El cuerpo de Antedón fue depositado en una caja de coihue labrada con figuras de pájaros que lo alzarían para llevarlo a la montaña donde los patriarcas van a morir.
Liliana Pualuan
A mi padre no le gustaba la lluvia. Había pasado toda su infancia en un periplo guiado por mis abuelos, cambiándose de casa y más casas, desde el sur hacia más al sur de este Chile natal: Lautaro, Lota Bajo, Los Ángeles, Temuco.
La Serena le regaló después la ausencia de lluvia que, según recuerdo, solo vi una vez cayendo sobre la ciudad oscura de invierno y, por eso, el colegio sorprendido nos mandó de regreso a las casas.
Con mi hermana hicimos largo el trayecto, deteniéndonos en algunas pozas que espejeaban el regreso, y las seguimos como migas de pan.
—¿Cómo se llama esto que pasa? —preguntamos con Lila a mi madre al llegar.
—Es lluvia, está lloviendo; así se llama lo que pasa —dijo ella, feliz y joven— y jugó con nosotras esa tarde.
Salgo ahora mientras cae con fuerza el agua sobre el día tan nublado, después de haber leído un cuento de Liliana Pualuan que habla de un pueblo blanco donde están despidiendo a Antedón, el patriarca, que se ha retirado de este mundo al amanecer, dice, porque el corazón se le hizo trizas de dolor a causa de sus hijos.
Salgo, dije, y repito el ceremonial de cada día: miro hacia la ventana donde estaba el escritorio de mi padre y nos hacíamos señas, desde un edificio al otro, el par de desvelados, lloviera, tronase o relampaguera.
Miro hacia la ventana donde mi padre otra vez y le digo:
—Dame tu bendición.
Y se lo digo varias veces con los ojos y la sonrisa, y él hace como los curas una gran señal de la cruz para mí, medio en broma medio en serio, porque él no creía en otra cosa que no fueran los libros ni la escritura, y yo me voy feliz.
Miro otra vez hacia su ventana y solo veo la jardinera con las plantas secas como si hubiera pasado de repente el desierto a darle un golpe. Decido que no volveré a mirar y cambio el camino y cambio la dirección de mis ojos. Pero vuelvo a verlo en las pozas que ya han empezado a formarse ahora.

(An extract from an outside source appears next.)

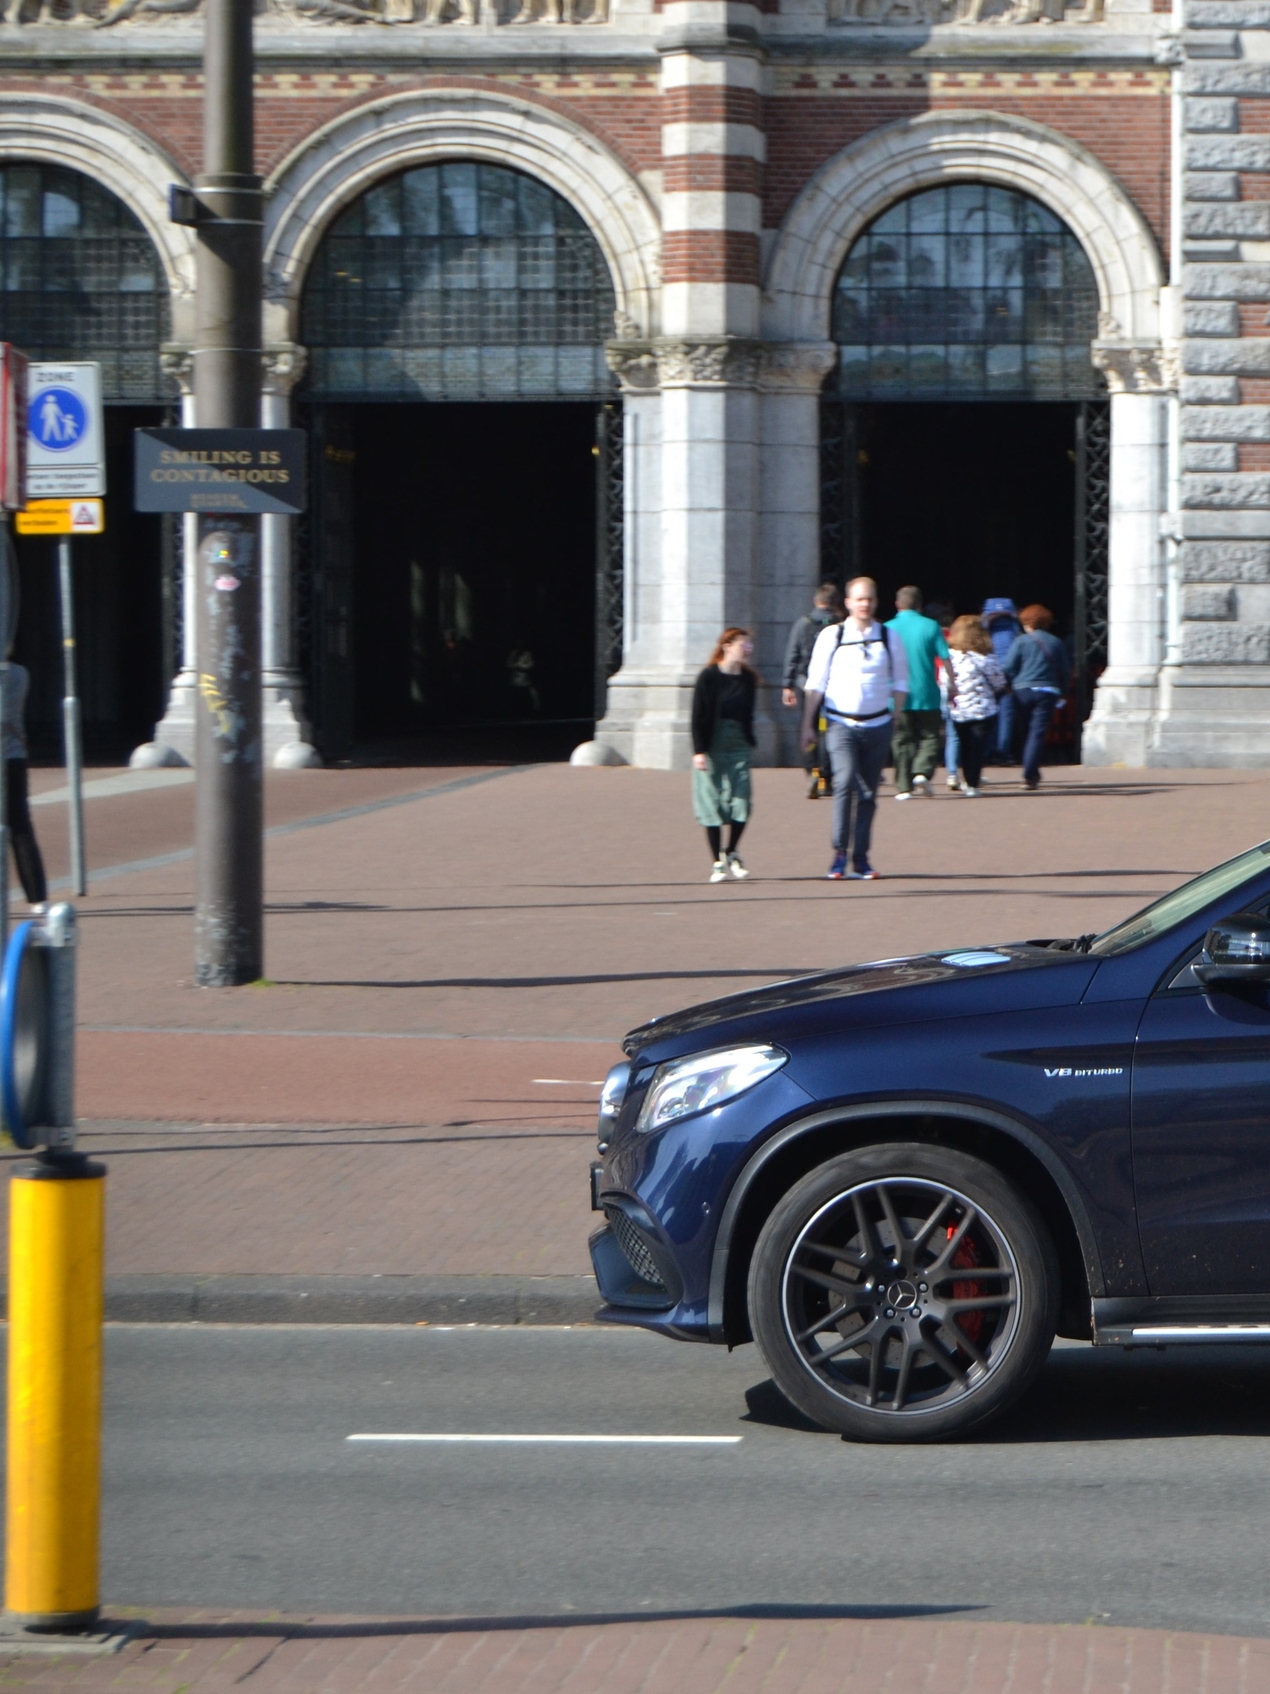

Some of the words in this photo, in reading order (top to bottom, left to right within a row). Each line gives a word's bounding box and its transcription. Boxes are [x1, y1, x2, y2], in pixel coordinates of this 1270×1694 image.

Y cuando siento que he encontrado un poco de sosiego, vuelve el peligro: un bus escolar, dos ambulancias en Apoquindo, un carro de bomberos, y pienso en los padres de esos niños que iban al colegio como todos los días, que tal vez se enterarán después que yo, una ajena que iba pasando por ahí de pura casualidad, de que ya no hay hijos, o que los hay, pero que el mundo es peligroso porque la vida es peligrosa y escucho a mi padre decir con su voz siempre segura aunque se estuviera muriendo por dentro:
—Niñas, ustedes son sobrevivientes de la infancia, gracias a mí, que andaba detrás de ustedes, sacándoles los dedos de los enchufes, quitándoles los fósforos y las tijeras a la Lilita para que no descalabraran la casa; todo el tiempo rescatándolas de los triples saltos mortales que practicaban arriba de las camas, y los vuelos sin capa ni espada que intentaban en La Serena desde el primer piso al subterráneo…

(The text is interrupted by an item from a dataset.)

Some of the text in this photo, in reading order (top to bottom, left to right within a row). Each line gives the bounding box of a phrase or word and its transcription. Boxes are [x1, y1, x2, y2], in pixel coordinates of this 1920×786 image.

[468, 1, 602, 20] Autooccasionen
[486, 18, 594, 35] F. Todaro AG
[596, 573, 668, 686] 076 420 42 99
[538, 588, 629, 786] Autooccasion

Y, así, iba enumerando una larga lista de salvatajes protagonizados por él, nuestro héroe de infancia, adolescencia, juventud, madurez que no alcanzamos y tiempos viejos que se nos vienen encima como el gas grisú y la nube de cenizas del volcán de Islandia sobre nuestros años que nada tendrán de dorados.
Y no pudo seguir socorriéndonos. Por eso le estalló su corazón después que pasaron las lluvias y el sol de agosto tan esquivo lo golpeó certero.
Sin bendiciones, o con bendiciones que yo me invento, salgo a la calle hoy como todos los días y pienso en Antedón, mi patriarca que ya nunca más ni dónde está.